We recently enabled Kerberos authentication on our Spark cluster, but we found that when we submit Spark jobs in cluster mode, the code cannot connect to Hive. Should we be using Kerberos to authenticate to Hive, and if yes, how? As detailed below, I think we have to specify keytab and principal, but I don't know what exactly.
This is the exception we get:
Traceback (most recent call last):
File "/mnt/resource/hadoop/yarn/local/usercache/sa-etl/appcache/application_1649255698304_0003/container_e01_1649255698304_0003_01_000001/__pyfiles__/utils.py", line 222, in use_db
spark.sql("CREATE DATABASE IF NOT EXISTS `{db}`".format(db=db))
File "/usr/hdp/current/spark3-client/python/pyspark/sql/session.py", line 723, in sql
return DataFrame(self._jsparkSession.sql(sqlQuery), self._wrapped)
File "/usr/hdp/current/spark3-client/python/lib/py4j-0.10.9-src.zip/py4j/java_gateway.py", line 1305, in __call__
File "/usr/hdp/current/spark3-client/python/pyspark/sql/utils.py", line 117, in deco
raise converted from None
pyspark.sql.utils.AnalysisException: java.lang.RuntimeException: java.io.IOException: DestHost:destPort hn1-pt-dev.MYREALM:8020 , LocalHost:localPort wn1-pt-dev/10.208.3.12:0. Failed on local exception: java.io.IOException: org.apache.hadoop.security.AccessControlException: Client cannot authenticate via:[TOKEN, KERBEROS]
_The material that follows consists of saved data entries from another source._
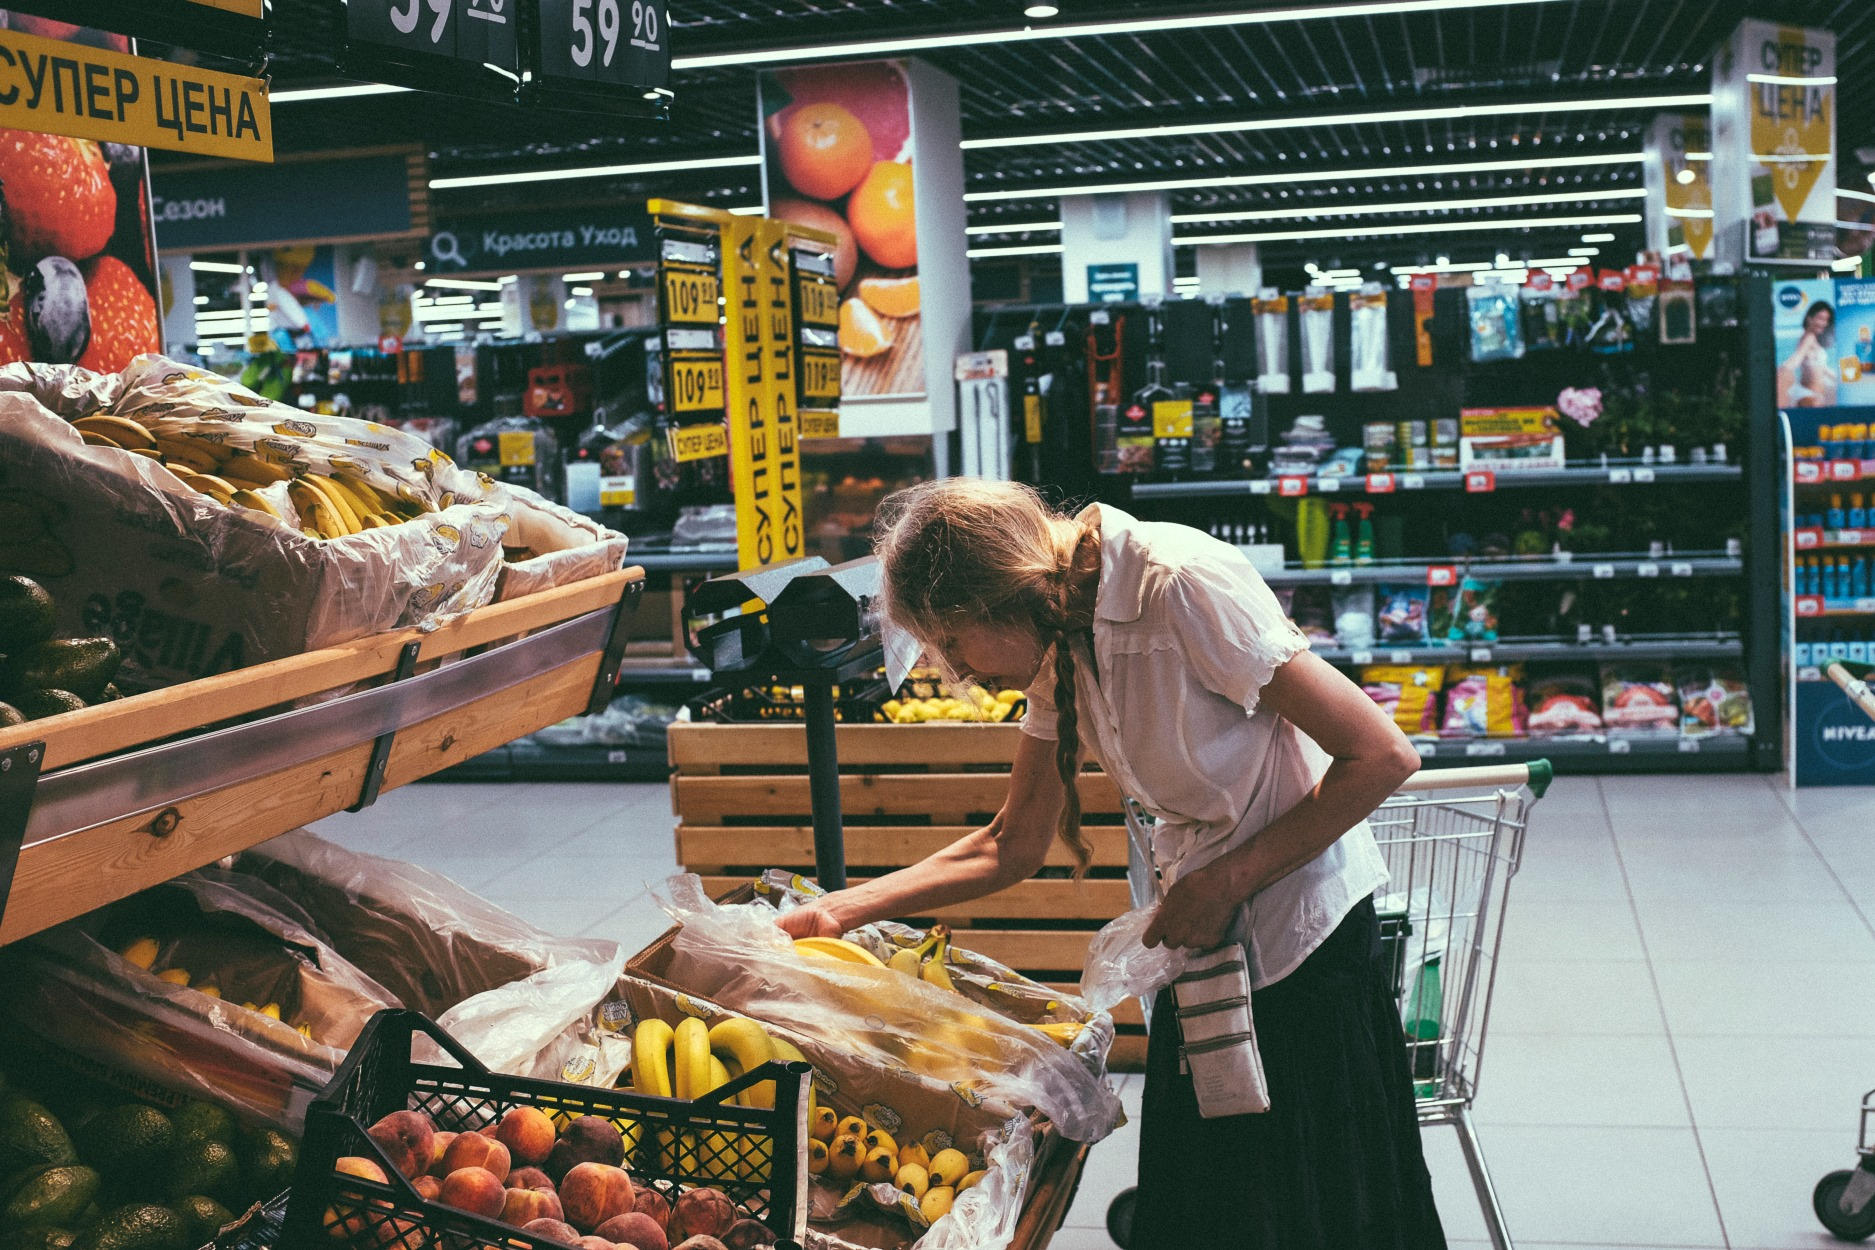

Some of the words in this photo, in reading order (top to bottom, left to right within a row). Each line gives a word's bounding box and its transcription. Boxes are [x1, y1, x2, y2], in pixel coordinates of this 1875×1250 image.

[571, 0, 619, 67] 59
[632, 0, 657, 42] 90
[0, 45, 139, 122] СУПЕР
[154, 75, 261, 141] ЦЕНА
[483, 231, 575, 256] Красота
[580, 225, 638, 247] Уход
[670, 279, 698, 315] 109
[739, 235, 763, 384] ЦЕНА
[767, 237, 790, 380] ЦЕНА
[677, 369, 705, 404] 109
[749, 397, 772, 565] СУПЕР
[777, 392, 799, 556] СУПЕР
Additionally, I saw this exception:
org.apache.hadoop.security.AccessControlException: Client cannot authenticate via:[TOKEN, KERBEROS], while invoking ClientNamenodeProtocolTranslatorPB.getFileInfo over hn0-pt-dev.myrealm/10.208.3.15:8020
This is the script that produces the exception, that as you can see, happens on the CREATE DATABASE
:
from pyspark.sql import SparkSession
spark = SparkSession.builder.appName('Test').enableHiveSupport().getOrCreate()
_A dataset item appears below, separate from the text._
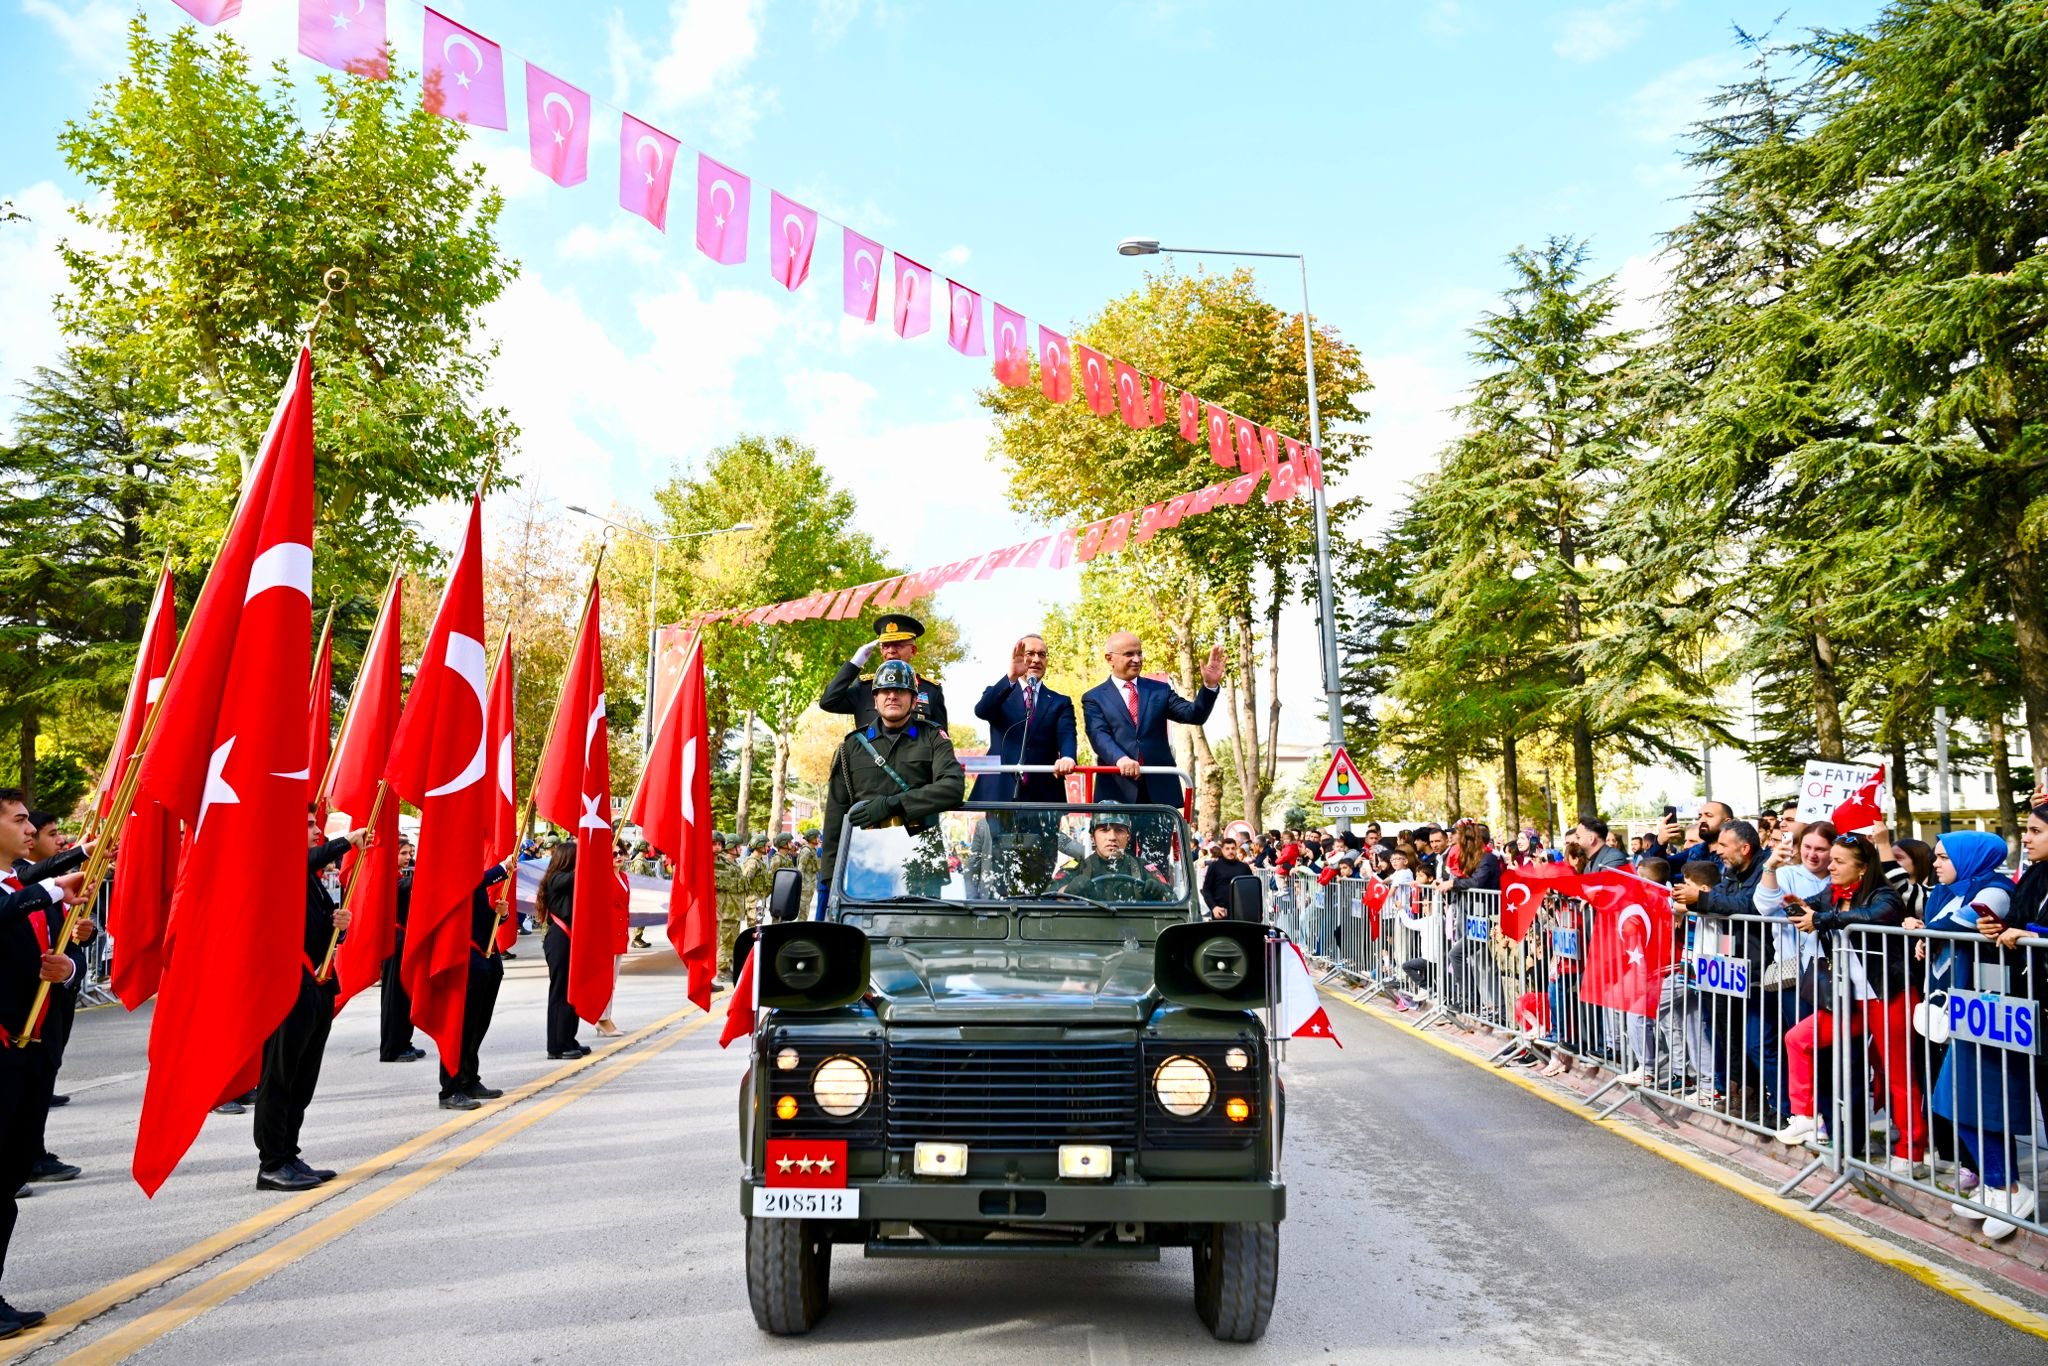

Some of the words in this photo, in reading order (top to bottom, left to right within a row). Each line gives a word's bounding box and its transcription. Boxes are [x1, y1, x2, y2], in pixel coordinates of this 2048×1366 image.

spark.sql("CREATE DATABASE IF NOT EXISTS TestDb")
Environment and relevant information
We have an ESP enabled HDInsight Cluster in Azure, it is inside a virtual network. AADDS works fine for logging into the cluster. The cluster is connected to a Storage Account, communicating to it with ABFS and storing the Hive warehouse on there. We are using Yarn. We want to execute Spark jobs using PySpark from the Azure Data Factory, which uses Livy, but if we can get it to work with spark-submit cli it will hopefully also work with Livy. We are using Spark 3.1.1 and Kerberos 1.10.3-30.
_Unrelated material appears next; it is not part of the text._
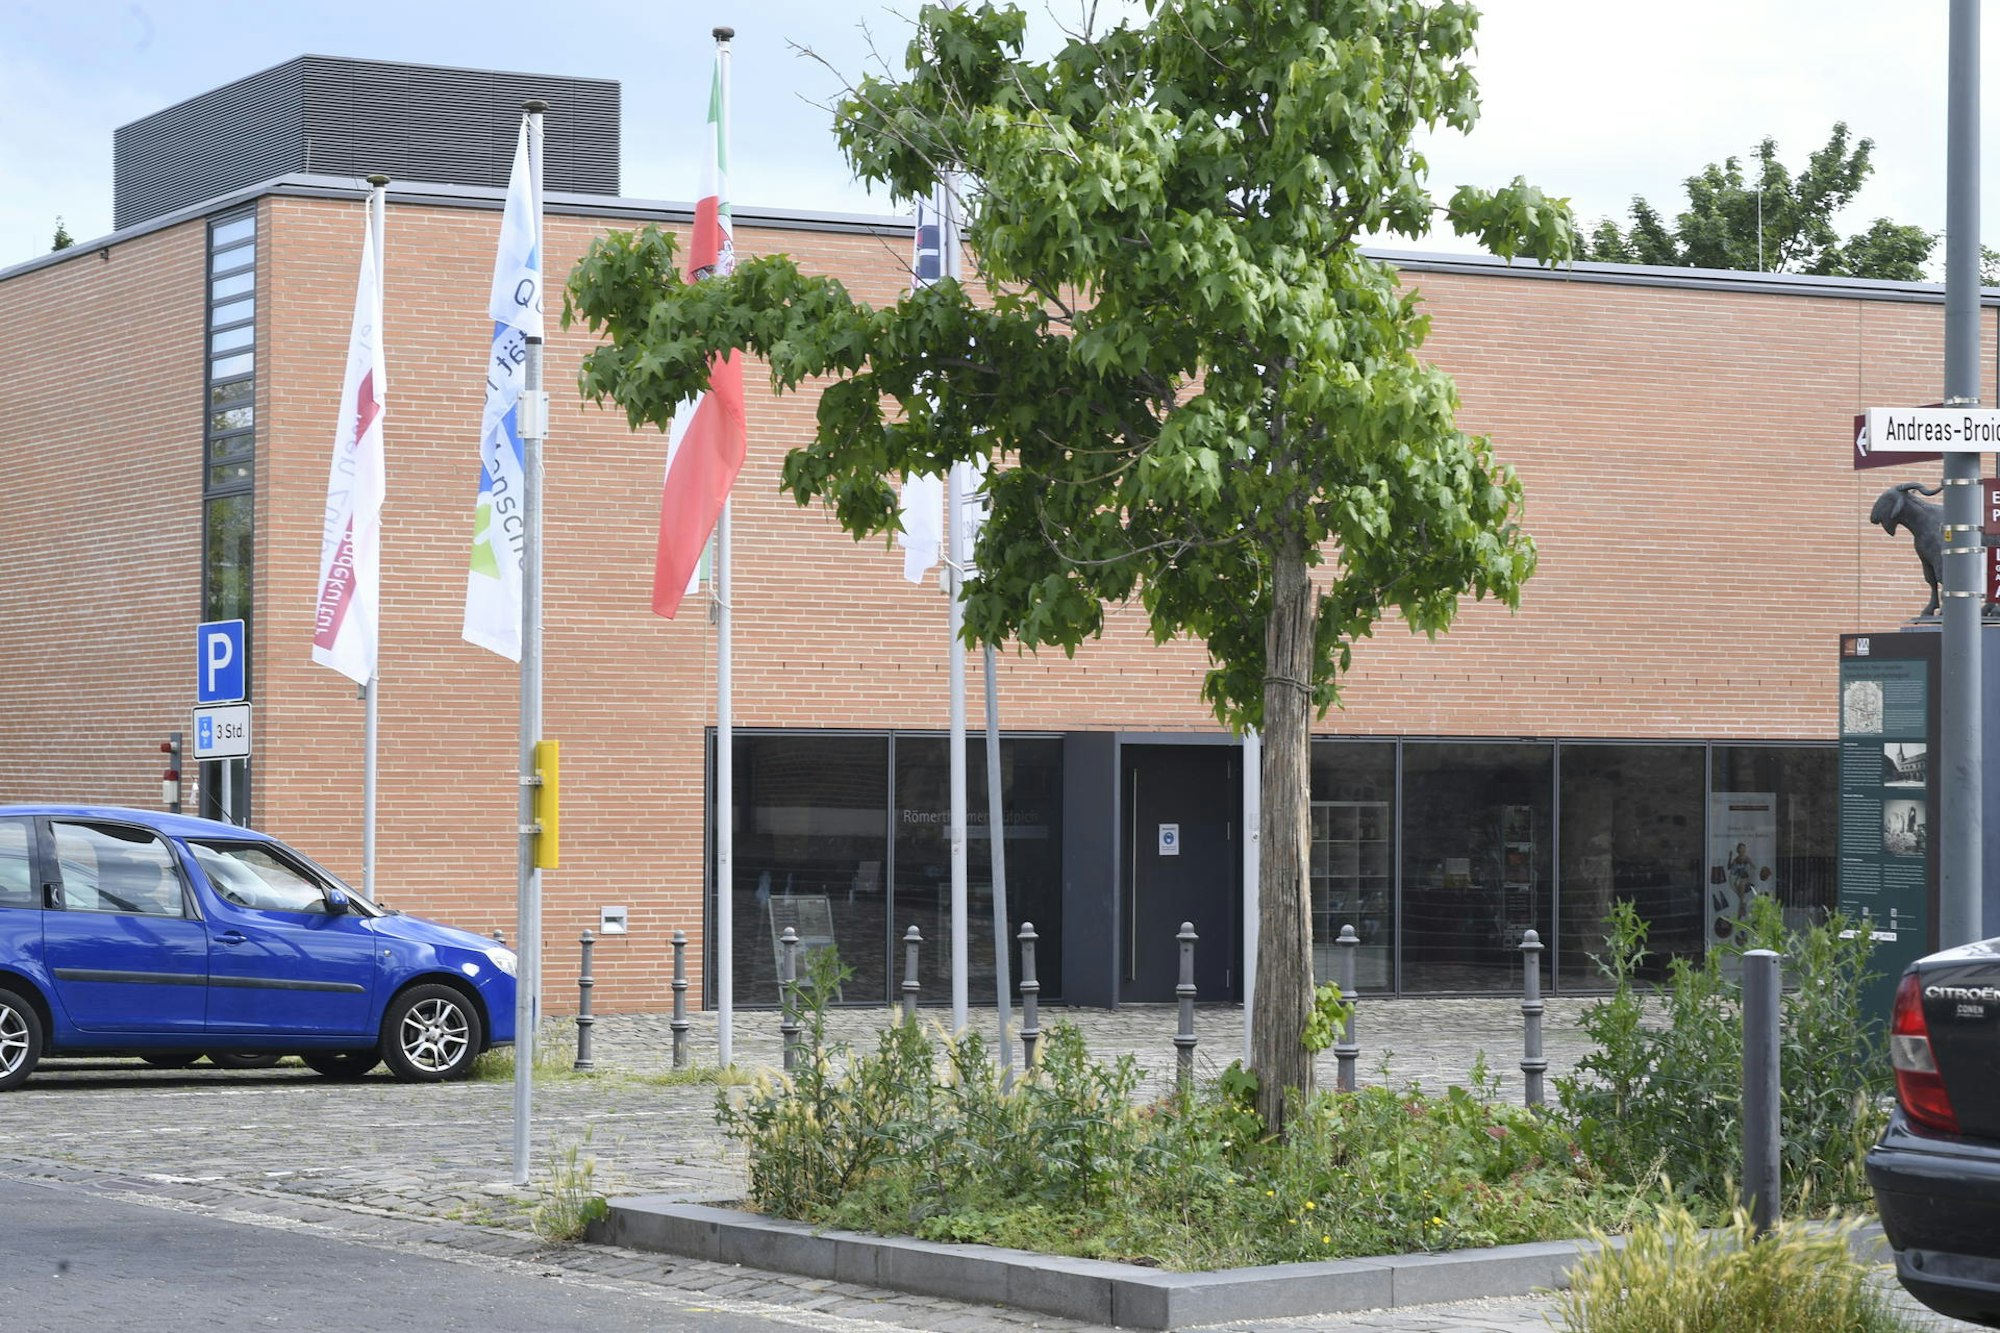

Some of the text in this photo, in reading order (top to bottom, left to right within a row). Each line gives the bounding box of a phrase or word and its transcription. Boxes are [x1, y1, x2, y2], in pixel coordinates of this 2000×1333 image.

[207, 632, 233, 692] P
[216, 722, 246, 739] 3 Std.
The exception only occurs when we use spark-submit --deploy-mode cluster
, when using client mode there is no exception and the database is created.
When we remove the .enableHiveSupport
the exception also disappears, so it apparently has something to do with the authentication to Hive.
We do need the Hive warehouse though, because we need to access tables from within multiple Spark sessions so they need to be persisted.
We can access HDFS, also in cluster mode, as sc.textFile('/example/data/fruits.txt').collect()
works fine.
Similar questions and possible solutions
In the exception, I see that it is the worker node which tries to access the head node. The port is 8020, which is I think the namenode port, so this sounds indeed HDFS related - except that to my understanding we can access HDFS, but not Hive.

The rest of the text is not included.